What is expected - Pictures aside, each record should be reproduced exactly.

Material for the task -

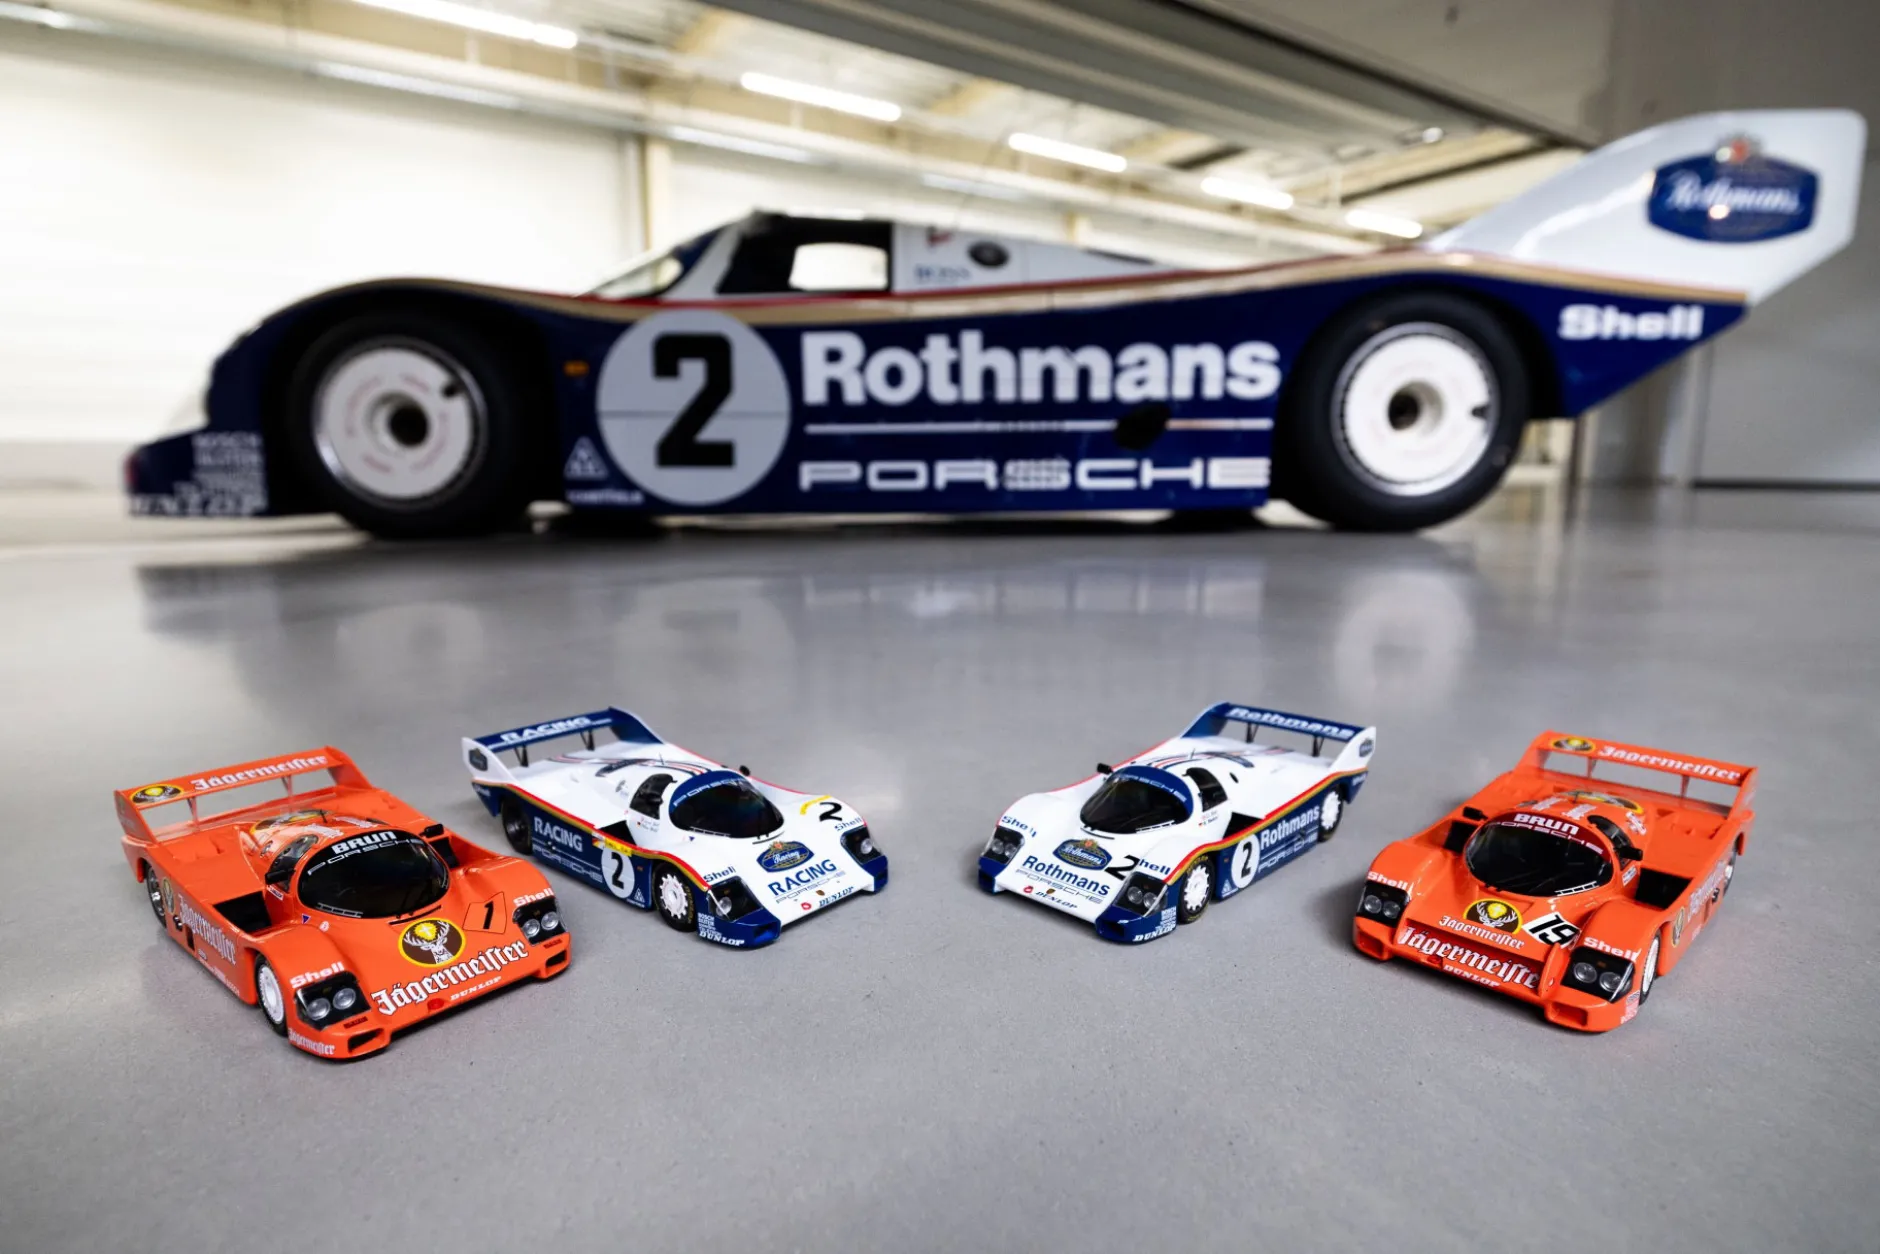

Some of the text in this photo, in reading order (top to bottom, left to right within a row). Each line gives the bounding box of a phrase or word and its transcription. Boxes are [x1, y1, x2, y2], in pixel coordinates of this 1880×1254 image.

[1557, 303, 1705, 341] Shell
[801, 329, 1282, 406] Rothmans
[652, 330, 736, 469] 2
[799, 457, 1272, 491] PORSCHE
[500, 716, 592, 743] RACING
[1225, 707, 1356, 741] Rothmans
[818, 801, 843, 822] 2
[834, 817, 866, 832] Shell
[1513, 813, 1580, 836] BRUN
[533, 816, 584, 853] RACING
[1260, 805, 1320, 851] Rothmans
[331, 831, 398, 855] BRUN
[772, 849, 800, 864] Racing
[611, 851, 625, 890] 2
[1104, 854, 1141, 881] 2
[1139, 859, 1172, 876] hell
[1241, 841, 1253, 879] 2
[703, 865, 736, 883] Shell
[768, 859, 837, 896] RACING
[1022, 855, 1111, 897] Rothmans
[1367, 871, 1409, 890] Shell
[513, 887, 555, 907] Shell
[818, 886, 855, 907] DUNLOP
[483, 901, 495, 930] 1
[698, 929, 745, 947] DUNLOP
[1132, 922, 1177, 942] DUNLOP
[1528, 914, 1580, 947] 19
[1583, 936, 1638, 962] Shell
[289, 961, 346, 989] Shell
[371, 938, 529, 1016] Jägermeister
[450, 975, 502, 1001] DUNLOP
[1443, 964, 1501, 988] DUNLOP
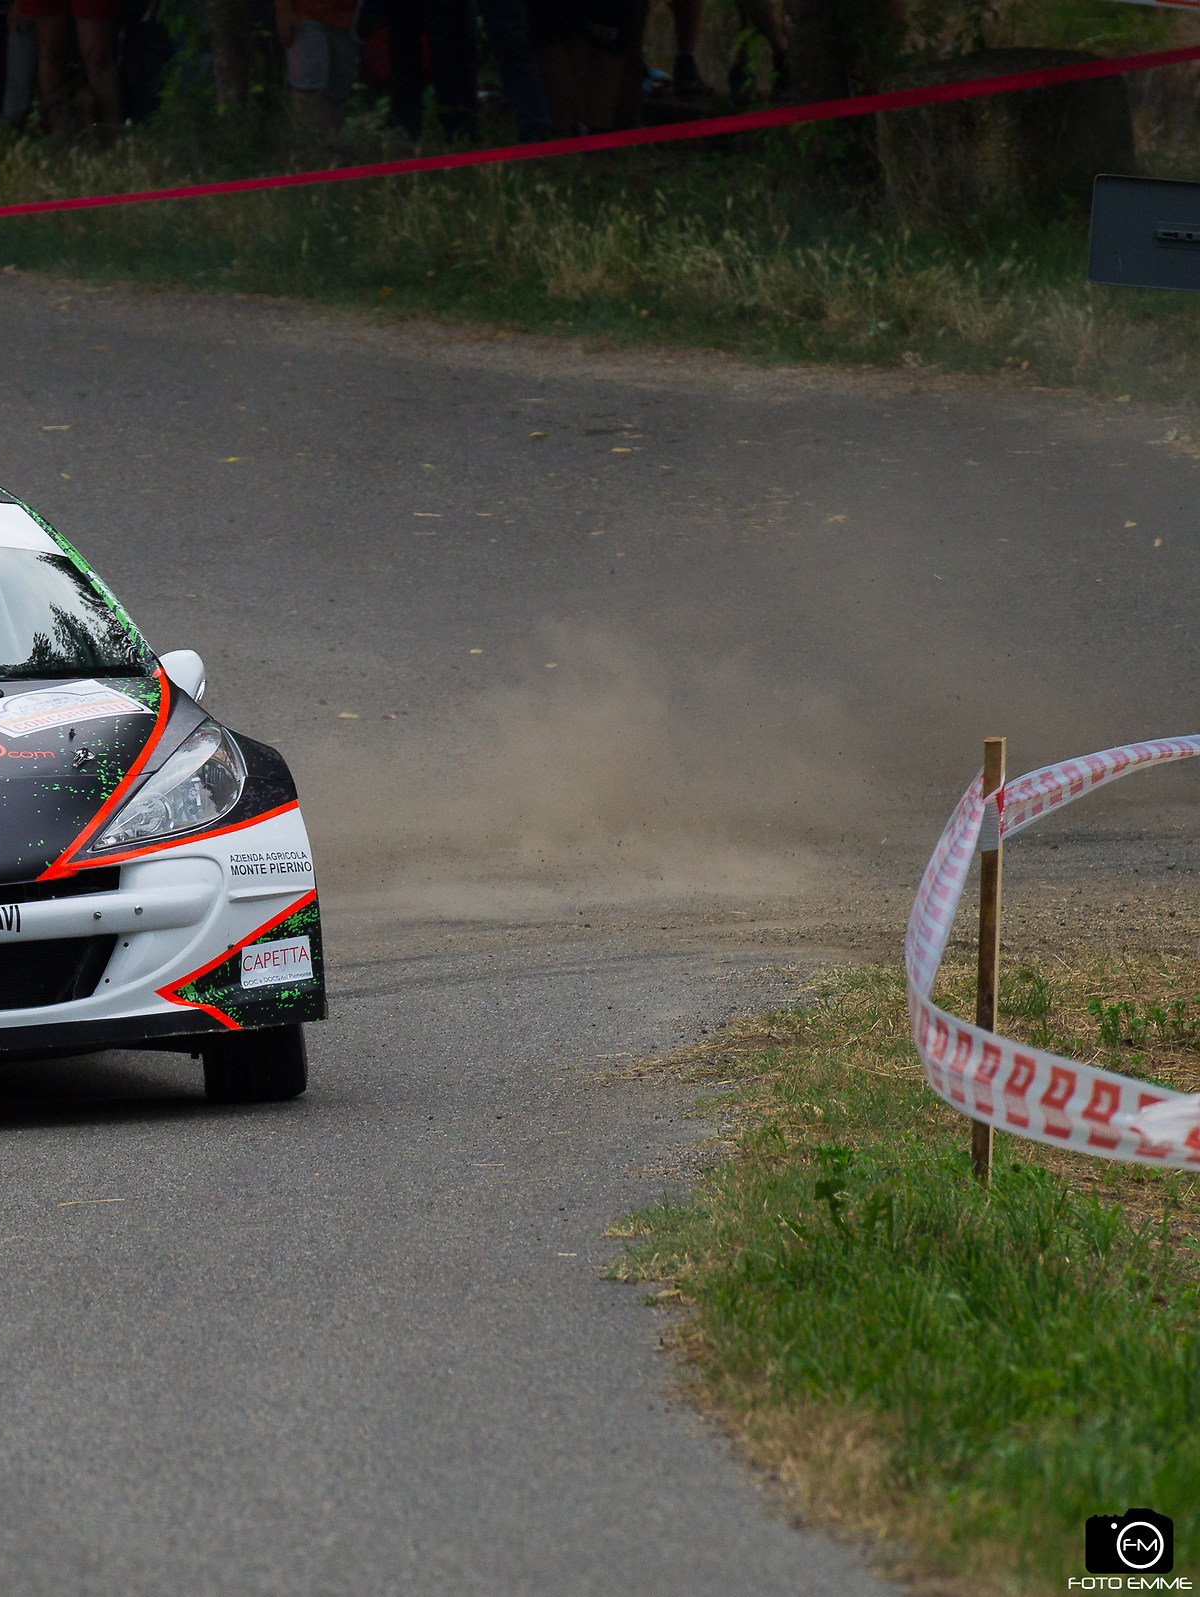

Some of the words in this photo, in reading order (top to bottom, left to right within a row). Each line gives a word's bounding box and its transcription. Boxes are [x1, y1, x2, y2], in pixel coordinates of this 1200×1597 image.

[13, 702, 135, 732] CONCORRENTE
[230, 853, 263, 863] AZIENDA
[265, 851, 308, 861] AGRICOLA
[230, 863, 268, 876] MONTE
[269, 861, 312, 874] PIERINO
[242, 945, 310, 972] CAPETTA

Reply to the task -
Some of the text in this photo, in reading order (top to bottom, left to right within a row). Each line gives the bounding box of a phrase or word and its transcription. Boxes are [x1, y1, x2, y2], in pixel coordinates of this 1880×1254 image.

[1557, 303, 1705, 341] Shell
[801, 329, 1282, 406] Rothmans
[652, 330, 736, 469] 2
[799, 457, 1272, 491] PORSCHE
[500, 716, 592, 743] RACING
[1225, 707, 1356, 741] Rothmans
[818, 801, 843, 822] 2
[834, 817, 866, 832] Shell
[1513, 813, 1580, 836] BRUN
[533, 816, 584, 853] RACING
[1260, 805, 1320, 851] Rothmans
[331, 831, 398, 855] BRUN
[772, 849, 800, 864] Racing
[611, 851, 625, 890] 2
[1104, 854, 1141, 881] 2
[1139, 859, 1172, 876] hell
[1241, 841, 1253, 879] 2
[703, 865, 736, 883] Shell
[768, 859, 837, 896] RACING
[1022, 855, 1111, 897] Rothmans
[1367, 871, 1409, 890] Shell
[513, 887, 555, 907] Shell
[818, 886, 855, 907] DUNLOP
[483, 901, 495, 930] 1
[698, 929, 745, 947] DUNLOP
[1132, 922, 1177, 942] DUNLOP
[1528, 914, 1580, 947] 19
[1583, 936, 1638, 962] Shell
[289, 961, 346, 989] Shell
[371, 938, 529, 1016] Jägermeister
[450, 975, 502, 1001] DUNLOP
[1443, 964, 1501, 988] DUNLOP

Some of the words in this photo, in reading order (top to bottom, left to right within a row). Each line gives a word's bounding box and its transcription. Boxes are [x1, y1, x2, y2], in pixel coordinates of this 1200×1597 image.

[13, 702, 135, 732] CONCORRENTE
[230, 853, 263, 863] AZIENDA
[265, 851, 308, 861] AGRICOLA
[230, 863, 268, 876] MONTE
[269, 861, 312, 874] PIERINO
[242, 945, 310, 972] CAPETTA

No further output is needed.